Last night I dreamed that I was in my classroom trying to teach a math lesson. There was a mix of children and adults, but mostly adults. I had them standing in a circle to act out a problem. They were holding some big strands of string in a big tangled ring. I realized I was explaining the problem incorrectly and we really needed a Venn Diagram, so I started giving individual orders to people. I yelled and pointed at them, "You over! You under!" I couldn't remember anyone's name and I was going too fast. Of course, confusion built and the questions began. Me? What do you mean under? Under where?* Soon they were a tangled mess and I was yelling at everyone. WHY DON"T YOU LISTEN! WHAT PART OF OVER IS DIFFICULT FOR YOU! I even yelled for my assistant, asking why no one was helping me. Naturally, I got no help because no one had any idea what I was trying to do.
Eventually, I scrapped that part of the lesson. As I was wont to do in my days of teaching, I quickly conceived of an alternate approach to the problem.** I cut them out of the string, broke them into 4 groups and took out some giant chart paper. One group at a time, I explained the directions. When I got to the third group, I was lost. I forgot what I was doing, what I had told the first groups, and even how it was related to the problem. I told the class I needed a minute and I went to the bathroom and cried.
This scenario is not so different from some of my attempts to teach in the same way I did before my injury. I did not usually yell at my students.*** The dream did evoke the helplessness I felt in those last months. While I was crying in my dream, I told my daughter that when I wrote my play, this would be the opening scene. It would show my struggle as a teacher with a brain injury.
My play? Am I writing a play? A dream. It was just a dream.
I have decided to separate my tangential thoughts as foot notes.
*Ha! You said underwear. I love this joke!

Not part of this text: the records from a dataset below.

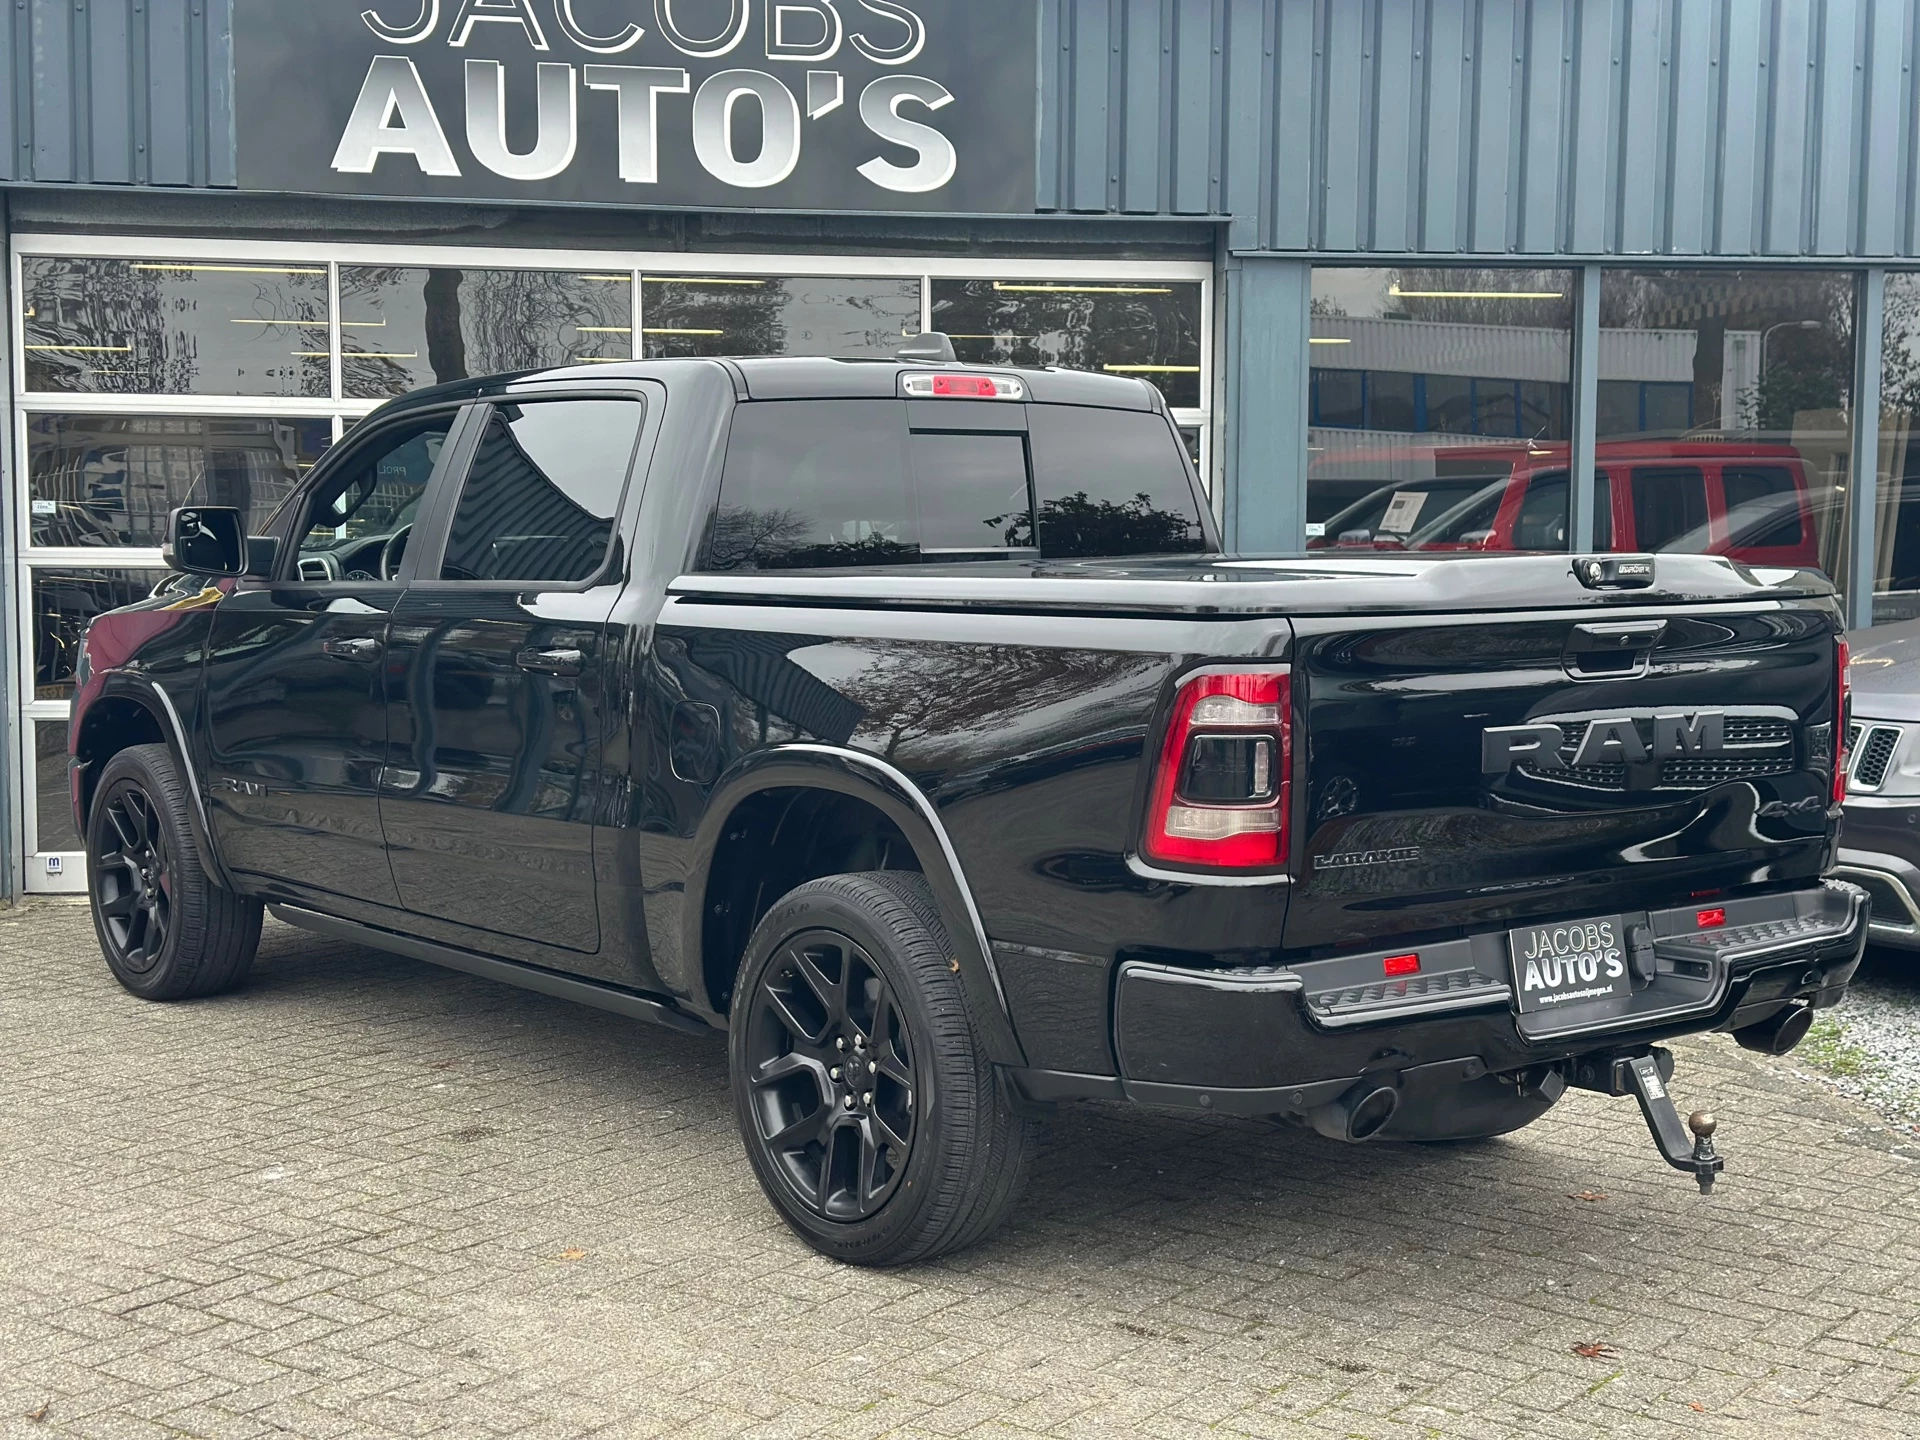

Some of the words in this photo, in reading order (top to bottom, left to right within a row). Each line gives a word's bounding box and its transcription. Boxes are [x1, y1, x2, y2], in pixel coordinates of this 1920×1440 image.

[330, 55, 957, 192] AUTO'S
[1482, 709, 1724, 774] RAM
[221, 777, 268, 797] RAM
[1314, 846, 1420, 869] LARAMIE
[1524, 922, 1614, 959] JACOBS
[1524, 948, 1623, 991] AUTO'S

**When I was good at my job, this skill came in handy when some students understood one way and others needed a different approach. I was a nimble teacher, always thinking on my feet. I had an endless supply of ideas and metaphors that sprang to mind and I reached many different kinds of learners. I tried to teach "by the book" keeping lessons simple and straightforward. I would have given anything to be able to stick to a lesson plan where I stood in front of the class and lectured, sampled problems, answered questions, and then gave the same problems for homework. I just could not do it.
***With age and experience, I had grown very patient. I also maintained a steady practice of acquiring new skills outside the classroom, drawing, language, computers, sports. My philosophy being if I want to stay in touch with the process of learning, I had to be a learner.